You may want to get some work done on your supplemental essays on Saturday after you’ve gotten your fill of turkey and shopping, but you’ve been working pretty hard on schoolwork and college application and this is one holiday to really spend time with your family.
Of course, this also means that you may have extra relatives all gathered into a compact space, many of whom already went to college, and they very well may have unsolicited advice for you. You already may be feeling uneasy because you haven’t gotten responses from most of the colleges you’ve applied to and you are wondering if you will get in anywhere. You might be feeling uneasy because you haven’t completed all of your applications and they are looming over you. You might be feeling uneasy because you are beginning to second-guess yourself—should you be considering other colleges? Will you be accepted into any of the colleges you are applying to? And then you find yourself having to explain to relatives who went to college in another age and who haven’t heard of some of the colleges you’ve applied to.
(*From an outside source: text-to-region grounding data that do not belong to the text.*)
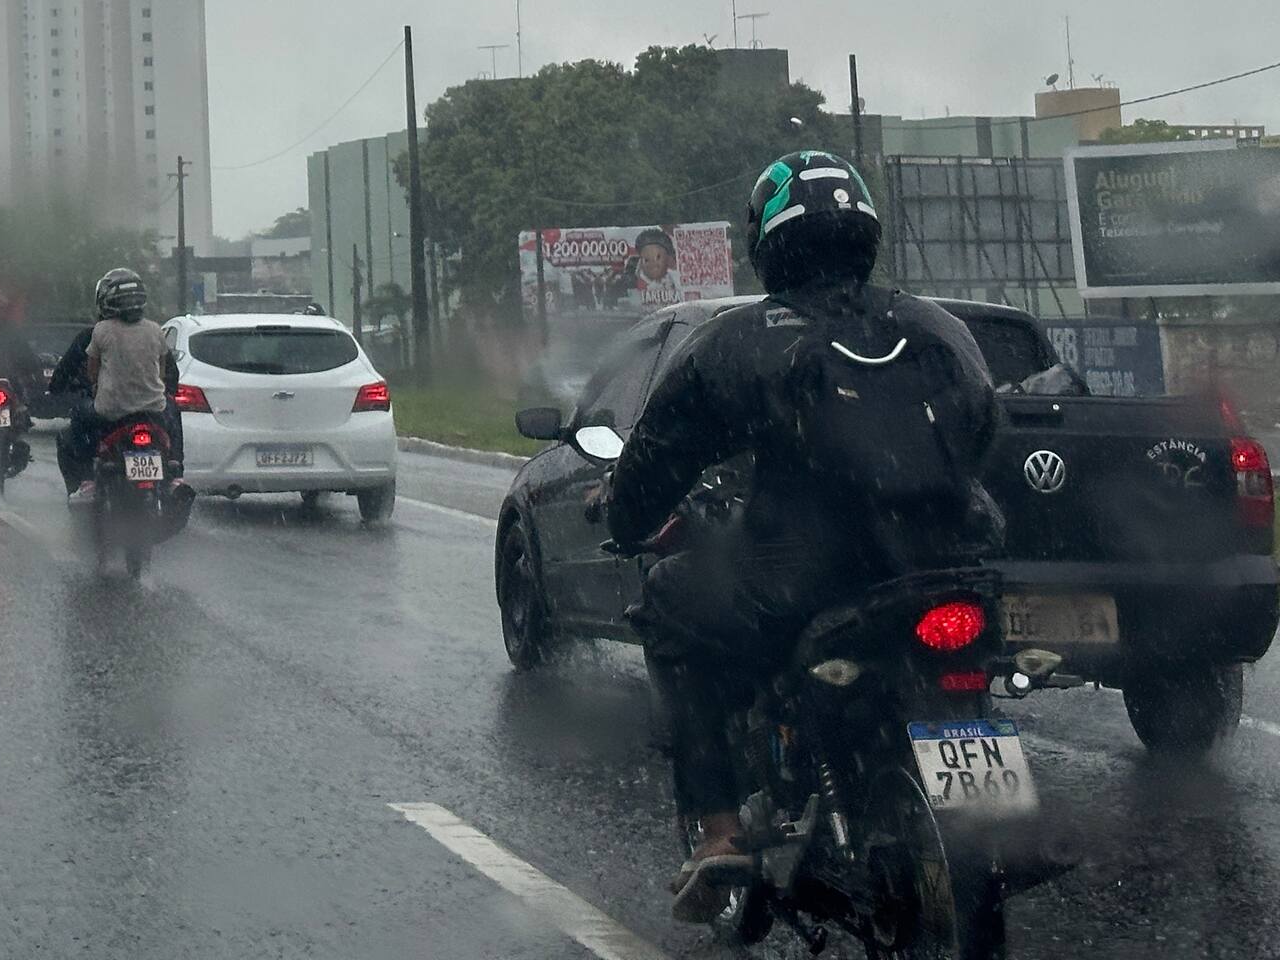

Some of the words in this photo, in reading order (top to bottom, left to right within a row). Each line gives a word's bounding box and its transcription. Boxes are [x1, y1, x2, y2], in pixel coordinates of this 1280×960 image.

[1095, 166, 1176, 191] Aluguel
[943, 727, 984, 738] BRASIL
[938, 738, 1004, 769] QFN
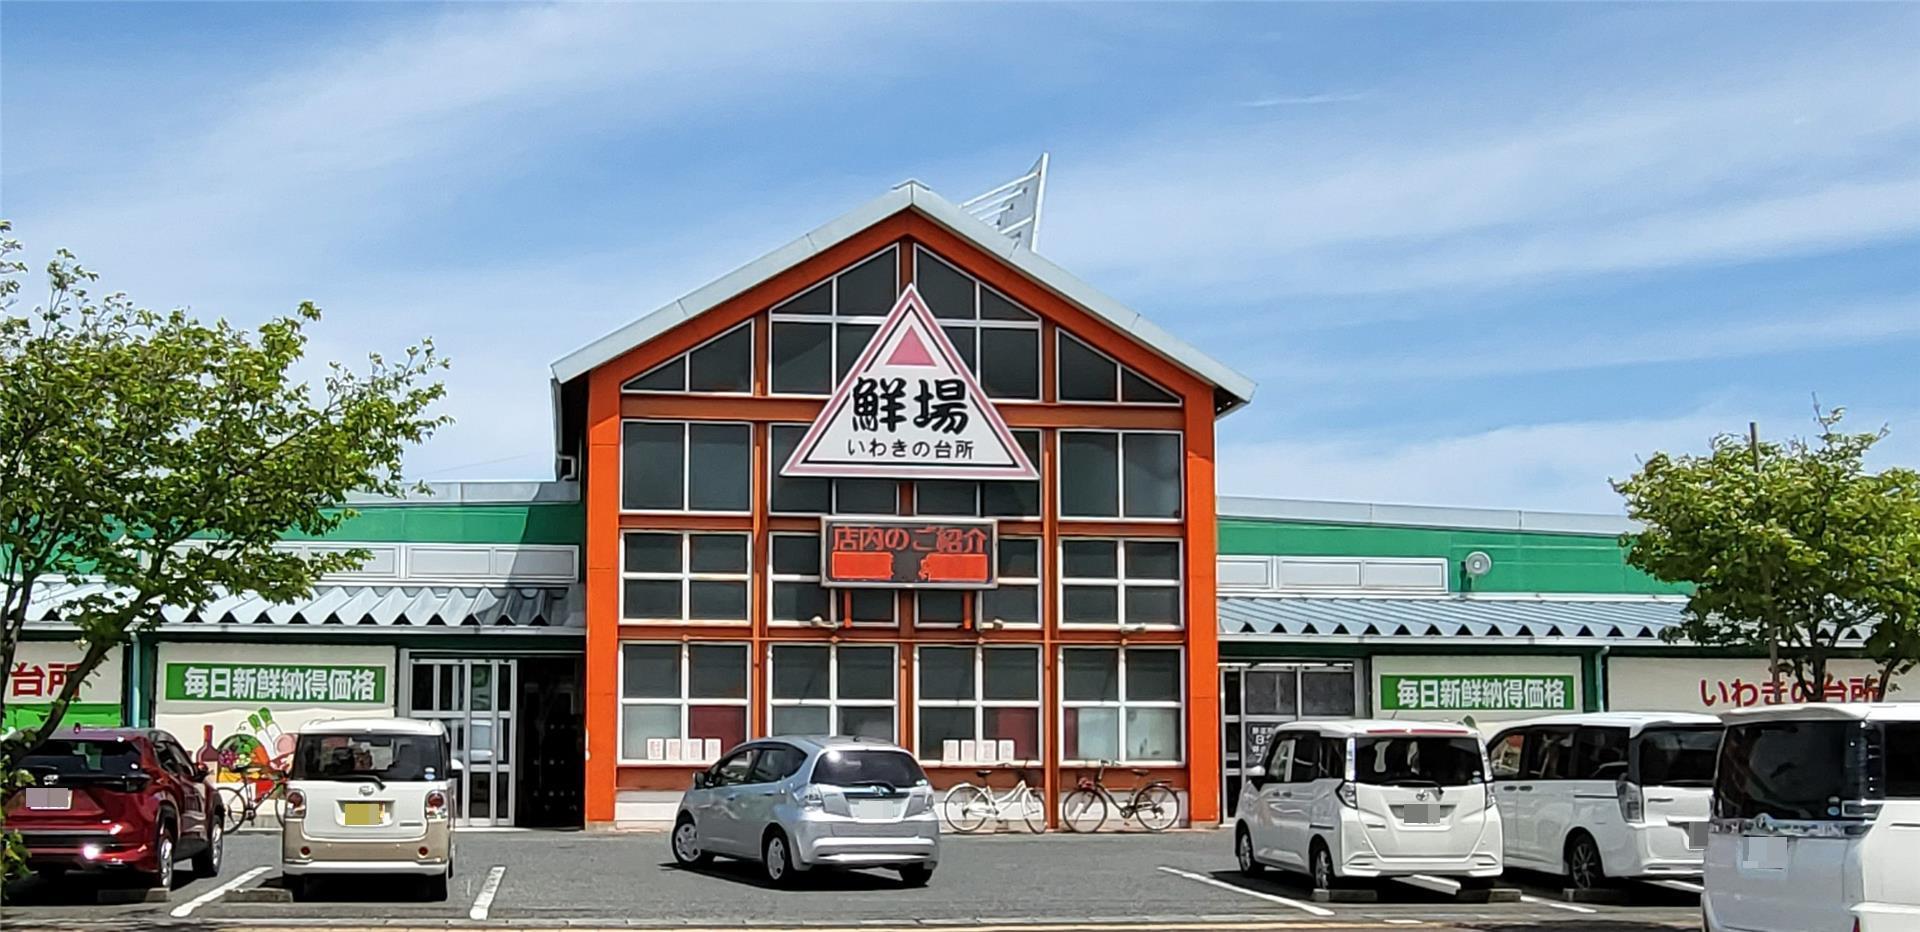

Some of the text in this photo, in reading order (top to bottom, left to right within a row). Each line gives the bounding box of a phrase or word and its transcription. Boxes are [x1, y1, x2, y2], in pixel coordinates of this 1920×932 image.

[852, 376, 969, 435] 鮮場
[847, 438, 974, 459] いわきの台所
[833, 526, 987, 553] 店内のご紹介
[184, 667, 376, 700] 毎日新鮮納得価格
[1397, 678, 1565, 709] 毎日新鮮納得価格
What you need to keep in mind is that practically nothing about applying to college is the same as it was when even your older cousins were going through this, let alone your aunts and uncles or grandparents! Even as recently as when my own daughters were applying, colleges have become more competitive in every way. They have added technology and buildings and labs and climbing walls and freshman seminars. They have become more expensive. Students have become more competitive as well—prepping more for the ACT and SAT tests, becoming much more active in community service and extra-curriculars and leadership and taking more advanced courses. The result of all of this is that most parents I talk to acknowledge that they probably wouldn’t get into the college they attended if they were applying today. That also means that colleges that used to be “safety” schools can’t be counted on to be such any more. But that also means that colleges your older relatives wouldn’t have considered have grown in stature and value as they have added features to make them more attractive to better students.
What this all means for you is that no relative or family friend is going to know as much about applying to college as you do right now. But more importantly, no relative or family friend—or US News or college guidebook for that matter—can substitute for the most important factor in your college selection—HOW YOU FEEL ABOUT IT! You are the one going to college, it will be your home for the next four years, and you will make friendships—and connections—there that will shape the rest of your life. Your family cares about you, but this is YOUR life.
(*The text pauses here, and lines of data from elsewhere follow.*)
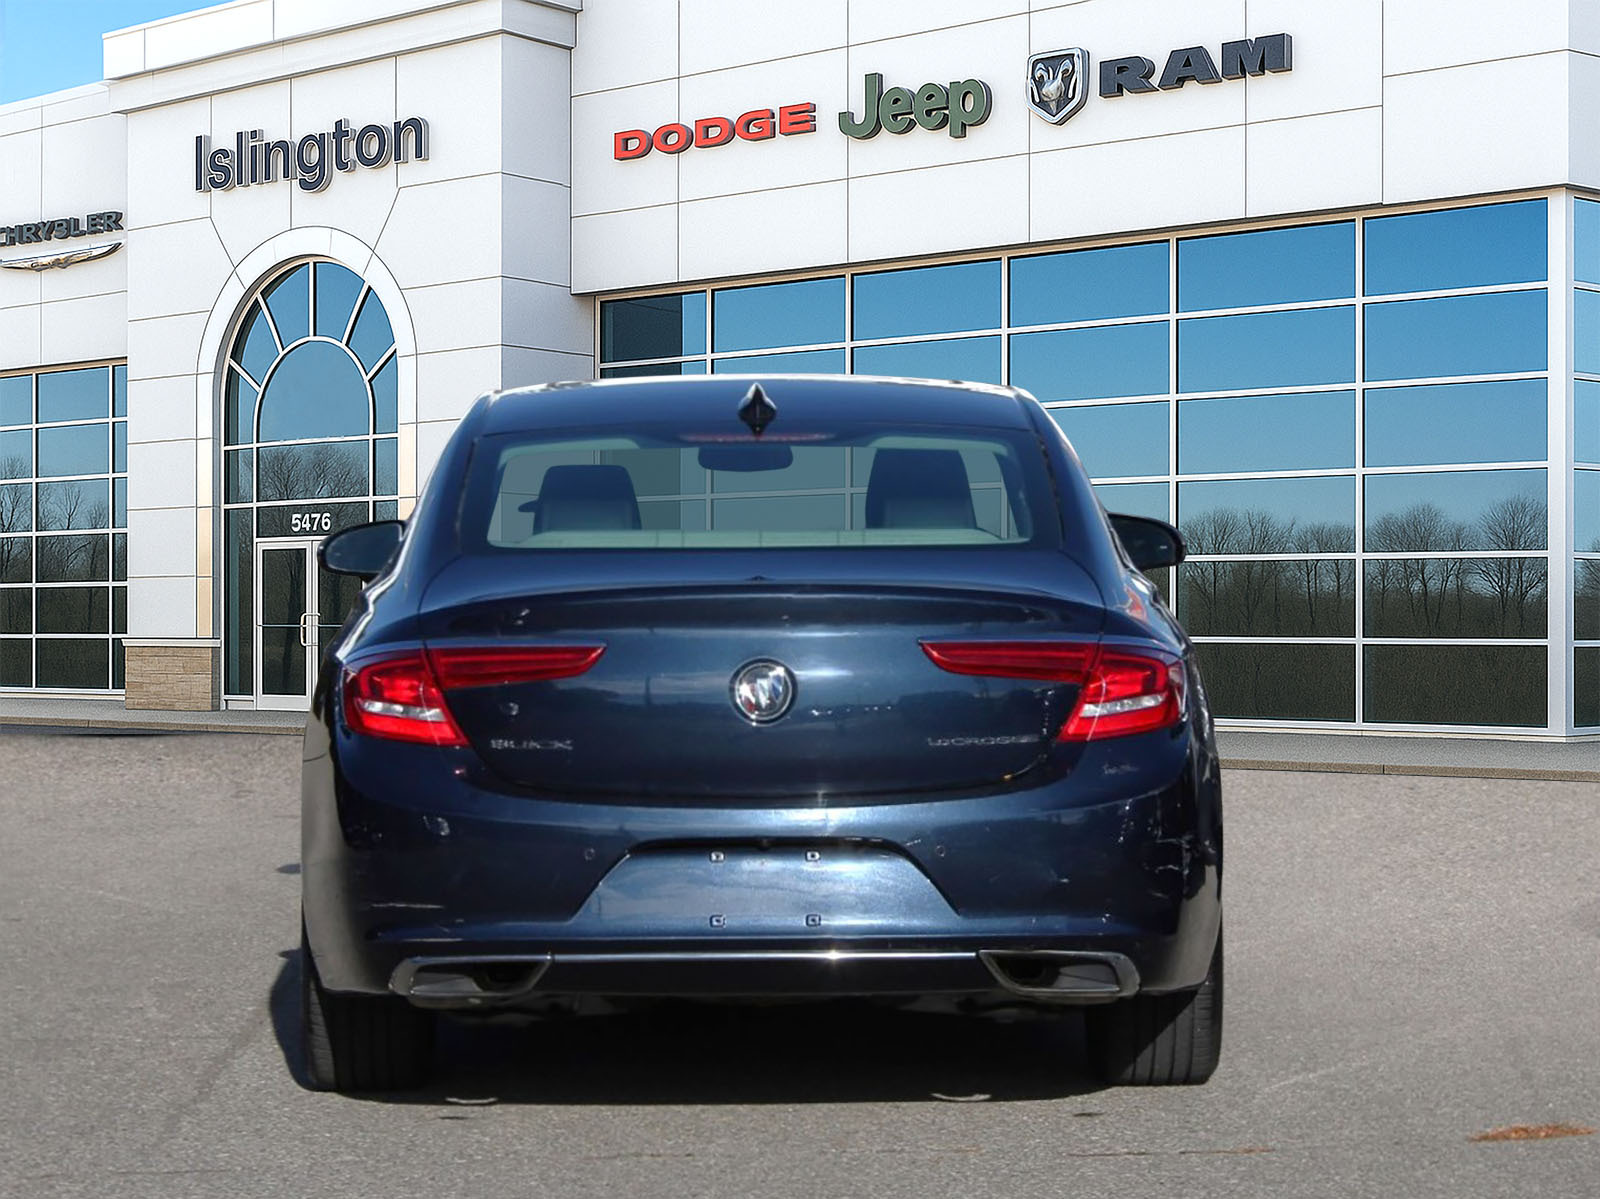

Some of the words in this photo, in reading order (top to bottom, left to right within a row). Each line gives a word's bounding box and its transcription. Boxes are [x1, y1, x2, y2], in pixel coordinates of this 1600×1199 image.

[614, 102, 816, 160] DODGE
[838, 73, 992, 139] Jeep
[1100, 33, 1292, 98] RAM
[195, 116, 429, 192] Islington
[291, 512, 331, 532] 5476
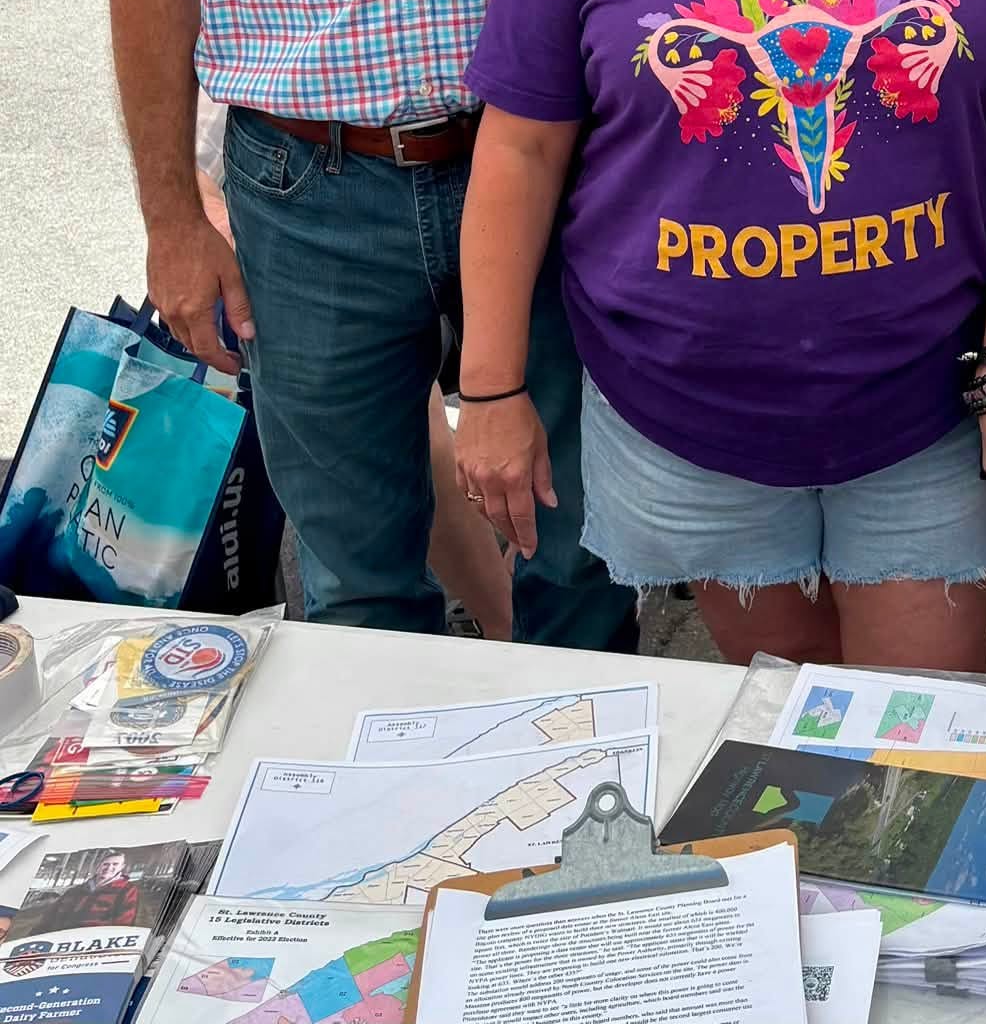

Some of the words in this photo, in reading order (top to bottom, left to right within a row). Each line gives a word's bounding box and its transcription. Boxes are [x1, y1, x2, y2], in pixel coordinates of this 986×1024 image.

[656, 191, 952, 279] PROPERTY
[163, 639, 202, 665] STD
[223, 916, 282, 925] Legislative
[284, 918, 330, 927] Districts
[236, 909, 286, 918] Lawrence
[288, 911, 327, 920] County
[56, 935, 140, 953] BLAKE
[61, 961, 99, 970] Congress
[0, 997, 102, 1013] econd-Generation
[3, 1012, 36, 1023] Dairy
[38, 1007, 83, 1019] Farmer
So here’s what you need to do: Smile and thank them for their interest and assure them that your goal is to find a college that is right for YOU. And that you won’t be making a decision until next May, but you’ll be sure to invite them to your graduation party and they can find out then what choice you have made. In fact, discuss this with your parents ahead of time, so they can intercede for you! Then get them talking about themselves, and they will relax and remember that you are very intelligent and will be likely to make a good decision.
When you think about it, this is the last Thanksgiving you will spend living full time at your parents’ home, so take a moment to step back to enjoy the day, even the extra relatives and all of their advice, because they really just care about you. And be appreciative of what all this means—which, after all, is what this holiday is all about.